— Ой, где ж эта бледная некроманточка? Совсем довели ироды бедную деточку, лозины на них нима! Ой и… - и домовая остановилась.
И на меня посмотрела! На меня… домовая. Тьма, я едва дышала от восторга. Ведьмочки! Домовая! Глазам не верю.
А эта румяная сказочная представительница маленького народа, вдруг остановилась… шагах в пяти от меня. Слегка сощурилась, полуобернувшись посмотрела на его высочество, затем на меня, на его высочество, тяжело вздохнула и почему-то грустно сообщила:
— А я знала, что ничего не выйдет! Вот как чувствовала!
— Что не выйдет, тетя Матрена? — спросил наследник седьмого королевства.
— Ничего хорошего не выйдет, Ташшунечка, — ворчливо ответила домовиха, и вновь засеменила ко мне.
Подошла, как-то недобро совсем на меня и на Норта поглядывая. Языком поцокала, головой покачала. После поднос повыше подняла и пробурчала:
— Бери уже, несчастье ходячее.
Немного опешив от такого, я наклонилась, взяла чашку и прошептала:
— Спасибо.
Домовиха ничего не сказала в ответ, только смотрела теперь очень-очень внимательно. Словно насквозь видела. Затем головой покачала и вымолвила:
— Оно может и стоило бы разозлиться, много бед принесешь, сердцем чую, да доброты в тебе не взвесить, да не измерить, некроманточка. А еще смерть за тобой ходит…
Я чуть чашку от такого не выронила, насилу выпрямилась и стою, что сказать в такой ситуации вообще не знаю!
— Тетя Матрена, что вы такое говорите, — Ташши подошел к нам. — Риа, наша гостья, и вы…
— А что я такого говорю?! — вскинулась домовая. — Что есть, то и говорю! Смерть за ней ходит. Та же смерть, что и за тобой. Кого из вас двоих предпочтет даже и не ведаю, а метки на обоих одному исчадию тьмы принадлежат.
Затем неожиданно на Норта посмотрела и сурово так:
— Вижу, любишь ее больше жизни, надышаться не можешь. А сможешь ли удержать дыхание свое?
— Смогу, — уверенно ответил Норт.
Я сосредоточилась на чашке с ароматным какао и постаралась ничем не выдать своих мыслей. Дядя Тадор говорил, что маленький народ очень проницательны, но словно всей кожей ощутила взгляд. Посмотрела на домовую — тетя Матрена не сводила с меня мрачного взгляда.

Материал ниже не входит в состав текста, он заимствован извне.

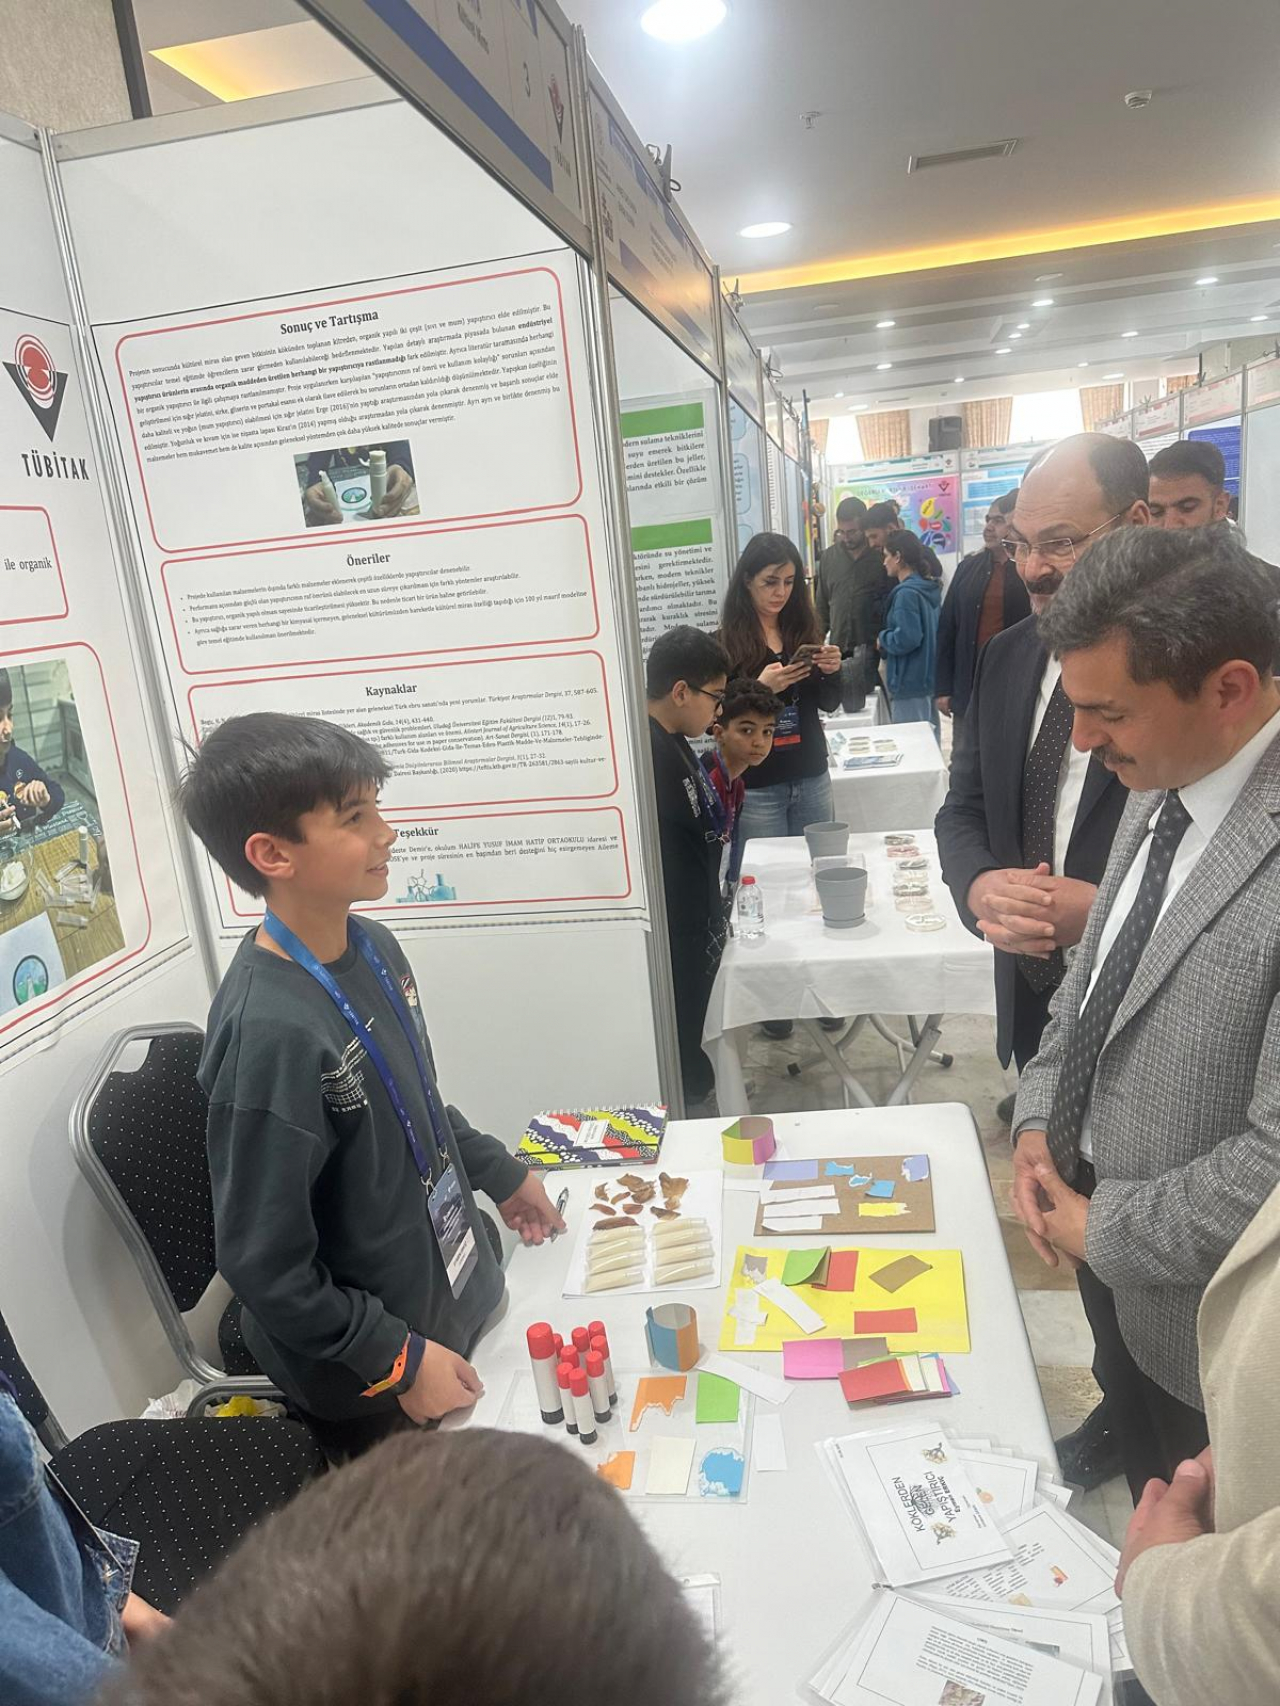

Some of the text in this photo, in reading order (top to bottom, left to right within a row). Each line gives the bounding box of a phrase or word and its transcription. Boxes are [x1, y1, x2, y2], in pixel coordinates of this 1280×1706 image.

Вздохнула тяжело, суетливым движением перехватила поднос и сказала, как прокляла:
— Доброта тебя и погубит.
Я вздрогнула, чуть какао не расплескав, а домовиха добавила:
— И этот ушастый, что рядом стоит. Справа.
Я обернулась — справа стоял Гобби и судя по отвисшей челюсти тоже был сильно удивлен происходящим и вообще произносимым тетей Матреной.
Затем домовиха развернулась и ушла. Я осталась. И все сказанное тетей Матреной тоже осталось, словно в воздухе повисло. Гобби стоял, опустив голову. Норт как-то крепче обнял, что-то пытался мысленно мне сказать, но я почему-то не слышала, упрямо глядя на шоколадное молоко, которое чуть подрагивало в чашке, так как у меня дрожали руки. Его высочество, подойдя пытался извиниться и в целом понять не мог что нашло на домовую, Эдвин мрачно обронил "Разберемся с этой ходячей смертью", Дан вставил "Давно говорил, что с добротой пора завязывать", а вырвал меня из состояния ступора Никас.